Ao dia de hoje, não duvido que vou deixar uma freguesia melhor do que a recebi. Sempre desejei que, além de ser um território visto por muitos como uma boa zona para se divertir, a Misericórdia fosse também reconhecida como uma freguesia onde é muito bom viver, com muita qualidade de vida. Ficou provado, no Miradouro de Santa Catarina, que é possível encontrar o equilíbrio entre visitantes e moradores e é isso que queremos em todo o território. Basta cumprir os regulamentos, nomeadamente o do ruído. O segundo sonho é reverter o ciclo demográfico, a saída de população, e para isso é muito importante o Programa Renda Acessível. Gostava também de ver iniciada a obra da nova escola, aqui no Passos Manuel. Temos as crianças em duas escolas básicas com recreios muito pequenos e, depois, temos uma secundária com um recreio enorme. Gostaria de ter ali um polo educacional que sirva todos, as crianças e os jovens. Também é prioritário continuar a requalificar o espaço público. A reabilitação feita na Bica tem que ser considerada também para o Bairro Alto. Há um projeto já apreciado em reunião de Câmara, que espero seja executado. Ainda não entrou em discussão pública, mas espero que não demore, porque o Bairro Alto merece ser requalificado, como foi a Bica.
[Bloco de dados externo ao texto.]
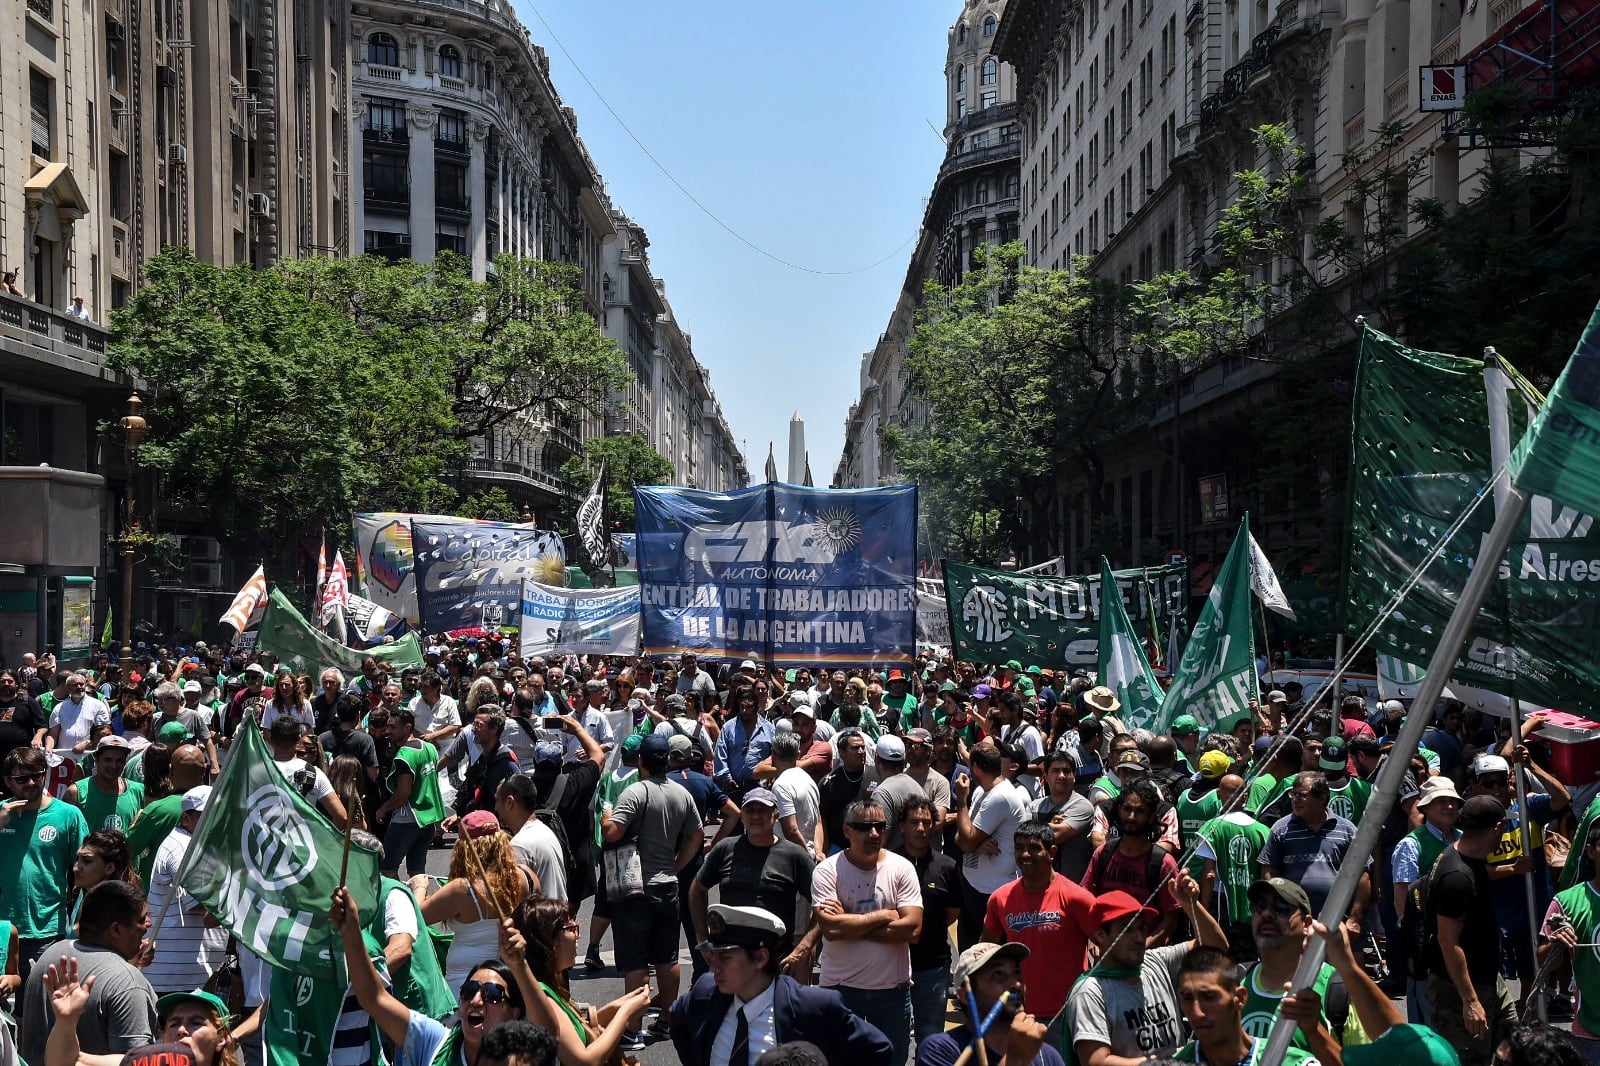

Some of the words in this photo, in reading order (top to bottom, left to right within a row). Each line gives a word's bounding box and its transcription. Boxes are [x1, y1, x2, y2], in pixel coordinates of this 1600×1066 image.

[1431, 94, 1456, 102] ENAS
[444, 540, 532, 568] Capital
[1519, 542, 1600, 582] Aires
[720, 565, 818, 582] AUTÓNOMA
[725, 587, 751, 609] DE
[533, 606, 565, 619] RADIO
[963, 585, 1014, 642] ATE
[682, 616, 710, 637] DE
[716, 616, 739, 640] LA
[743, 620, 866, 643] ARGENTINA
[1214, 680, 1241, 720] LA
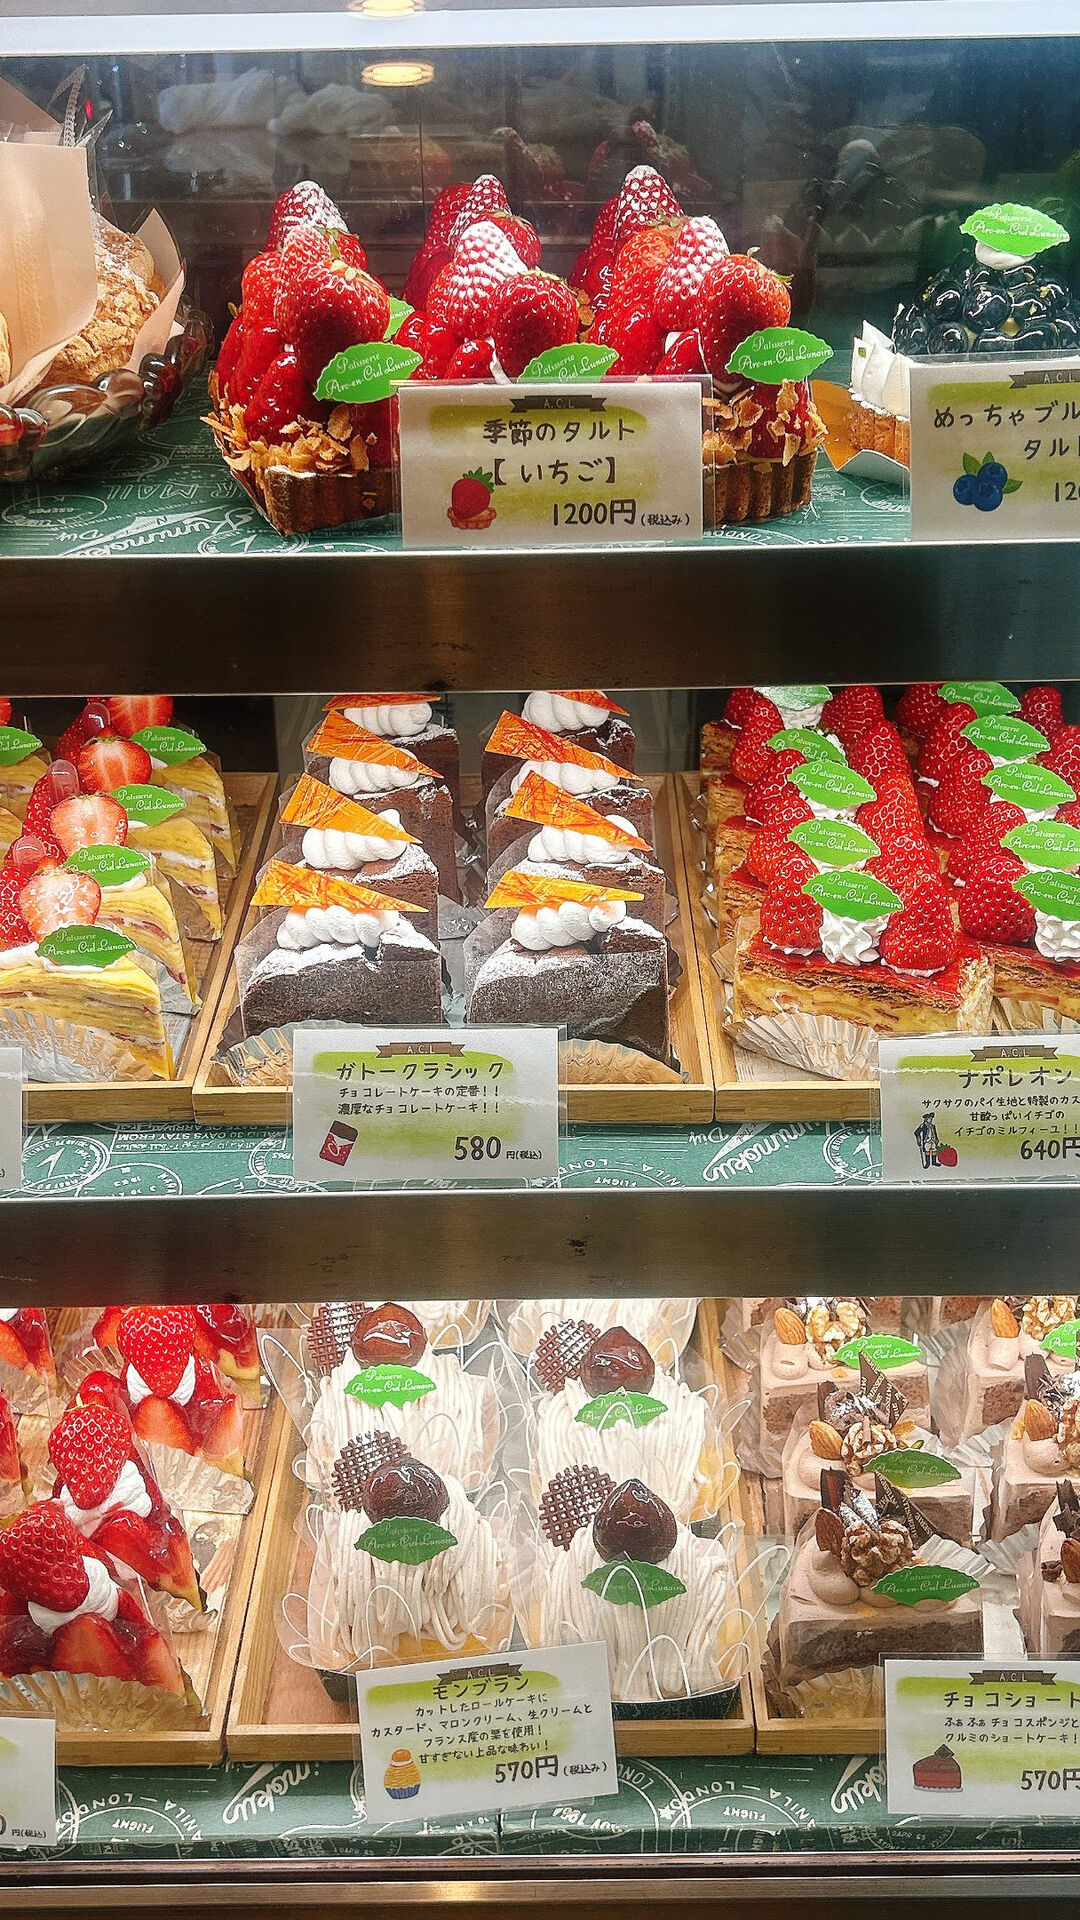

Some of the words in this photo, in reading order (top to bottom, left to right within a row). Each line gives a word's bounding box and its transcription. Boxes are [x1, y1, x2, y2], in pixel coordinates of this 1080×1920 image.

[752, 336, 794, 352] Patisserie
[336, 353, 380, 374] Patisserie
[532, 354, 575, 377] Patisserie
[580, 352, 616, 374] Lunaire
[738, 348, 794, 370] Arc-en-Ciel
[796, 345, 832, 359] Lunaire
[325, 363, 383, 397] Arc-en-Ciel
[384, 357, 421, 374] Lunaire
[483, 418, 635, 447] 季節のタルト
[493, 457, 617, 485] 【いちご】
[1054, 481, 1080, 502] 12
[553, 499, 637, 526] 1200円
[989, 696, 1020, 710] Lunaire
[984, 718, 1020, 733] Patisserie
[11, 739, 42, 750] Lunaire
[141, 731, 176, 743] Patisserie
[969, 728, 1015, 744] Arc-en-Ciel
[1015, 734, 1049, 749] Lunaire
[175, 741, 206, 752] Lunaire
[809, 763, 847, 781] Patisserie
[1005, 765, 1044, 782] Patisserie
[795, 773, 841, 793] Arc-en-Ciel
[841, 784, 875, 799] Lunaire
[990, 775, 1038, 794] Arc-en-Ciel
[1039, 784, 1076, 800] Lunaire
[117, 790, 153, 801] Patisserie
[154, 799, 186, 810] Lunaire
[809, 823, 847, 838] Patisserie
[1025, 824, 1066, 838] Patisserie
[796, 832, 844, 850] Arc-en-Ciel
[844, 841, 880, 855] Lunaire
[1009, 835, 1062, 850] Arc-en-Ciel
[78, 850, 115, 862] Patisserie
[115, 860, 149, 870] Lunaire
[827, 873, 868, 890] Patisserie
[811, 884, 864, 904] Arc-en-Ciel
[864, 893, 902, 909] Lunaire
[1021, 882, 1075, 905] Arc-en-Ciel
[56, 932, 96, 942] Patisserie
[44, 941, 96, 957] Arc-en-Ciel
[97, 940, 134, 952] Lunaire
[336, 1062, 504, 1080] ガトークラシック
[958, 1065, 1072, 1089] ナポレオン
[970, 1111, 1065, 1122] 甘酸っぱいイチゴの
[117, 1133, 155, 1141] FROM
[454, 1136, 501, 1160] 580
[1020, 1137, 1080, 1160] 640円
[857, 1339, 892, 1350] Patisserie
[890, 1348, 920, 1358] Lunaire
[365, 1369, 403, 1381] Patisserie
[351, 1379, 400, 1394] Arc-en-Ciel
[401, 1379, 434, 1390] Lunaire
[633, 1404, 666, 1416] Lunaire
[900, 1571, 942, 1581] Patisserie
[882, 1581, 939, 1593] Arc-en-Ciel
[941, 1579, 978, 1589] Lunaire
[432, 1676, 530, 1700] モンブラン
[415, 1693, 548, 1717] カットしたロールケーキに
[944, 1691, 1080, 1708] チョコショート
[371, 1703, 593, 1738] カスタード、マロンクリーム、生クリームと
[495, 1755, 558, 1784] 570円
[1020, 1767, 1080, 1791] 570円
[164, 1799, 203, 1841] ANILA
[722, 1805, 766, 1821] FLIGHT
[110, 1818, 155, 1834] FLIGHT
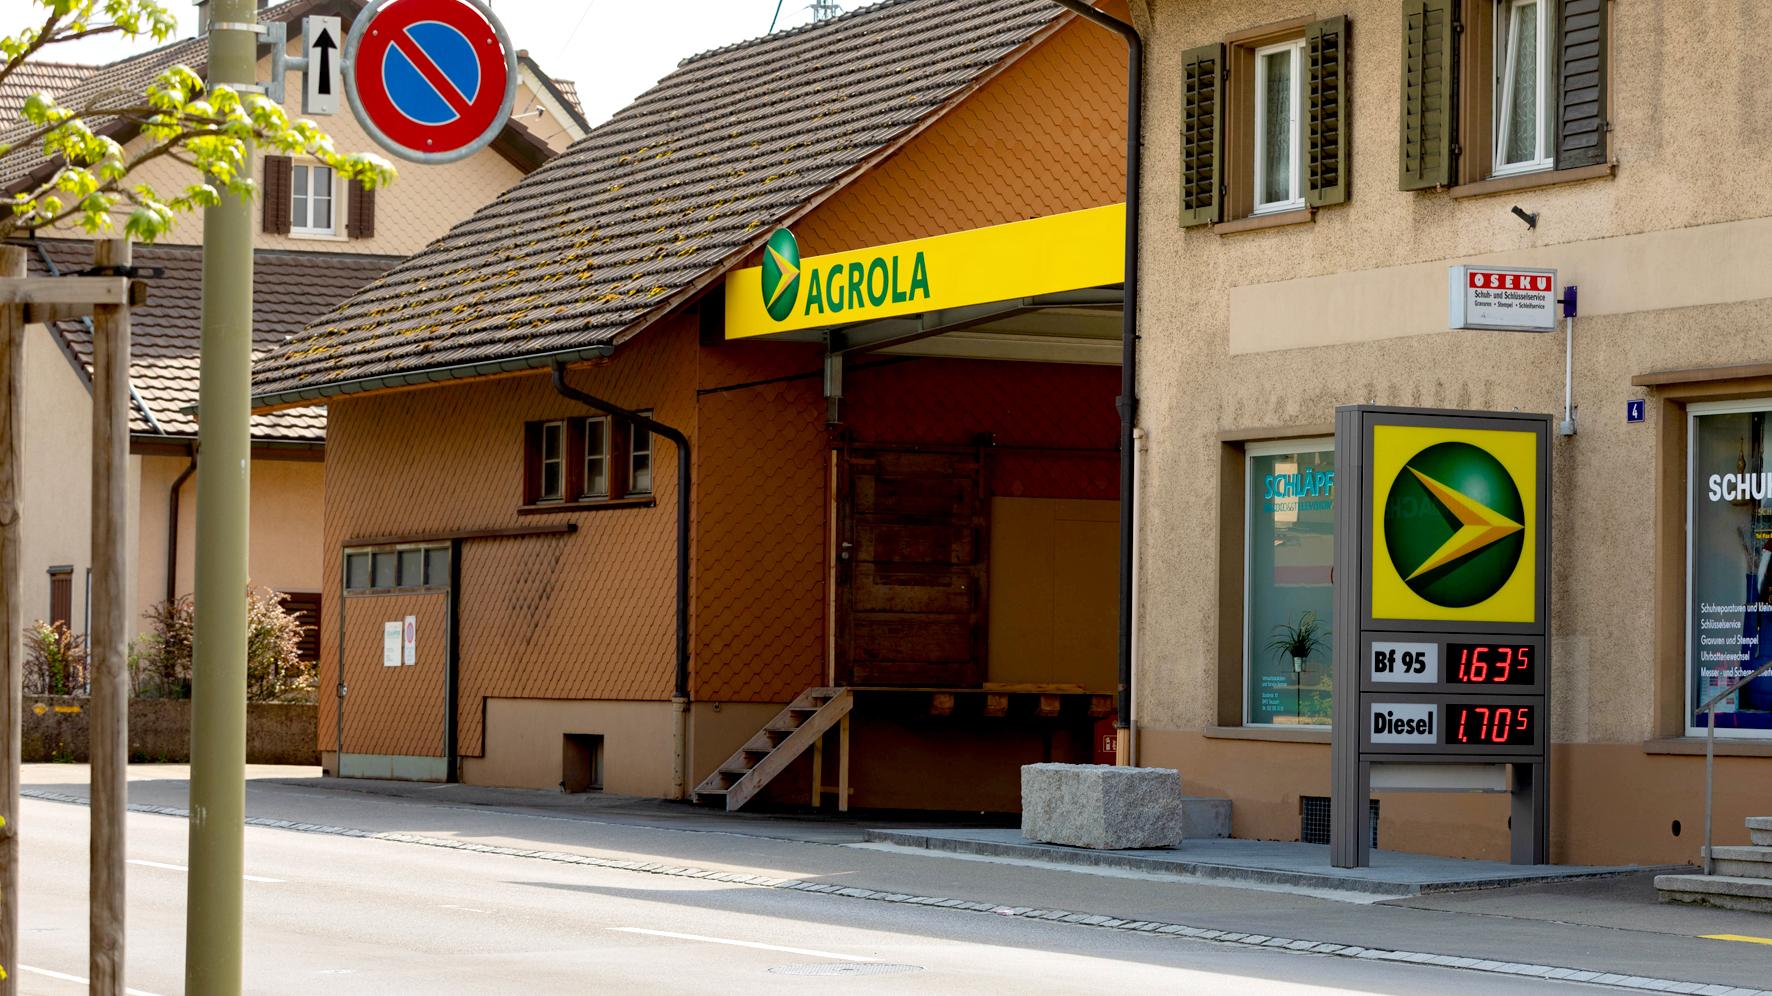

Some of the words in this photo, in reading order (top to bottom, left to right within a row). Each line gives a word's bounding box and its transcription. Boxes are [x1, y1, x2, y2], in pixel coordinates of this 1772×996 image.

[804, 251, 930, 316] AGROLA
[1474, 273, 1547, 290] OSEKU
[1474, 290, 1492, 299] Schuh-
[1493, 291, 1503, 299] und
[1504, 291, 1545, 301] Schlüsselservice
[1632, 403, 1638, 419] 4
[1700, 602, 1746, 616] Schuhreparaturen
[1747, 602, 1758, 612] und
[1700, 619, 1741, 629] Schlüsselservice
[1700, 635, 1725, 645] Gravuren
[1726, 635, 1736, 645] und
[1737, 634, 1759, 647] Stempel
[1374, 649, 1396, 673] Bf
[1401, 651, 1426, 674] 95
[1700, 650, 1750, 661] Uhrbatteriewechsel
[1373, 710, 1434, 735] Diesel
Depois, nesta zona, é imprescindível cuidar do rico património histórico que aqui temos. Há obras que nunca estarão ao alcance da Junta de Freguesia, mas o que está tem sido feito, como é o caso da reabilitação das bicas e chafarizes. Estão quase todos reabilitados e não duvido que vou conseguir até ao final do mandato. Neste momento, a maior obra de reabilitação que temos em curso é a do Conservatório. É muito importante manter este equipamento na freguesia, dá muita vida ao Bairro durante o dia. Em suma, a qualidade de vida dos moradores e a preservação do património sempre foram os meus principais objetivos, salvaguardando tudo o que é de mais genuíno e identitário na freguesia, até a vida noturna.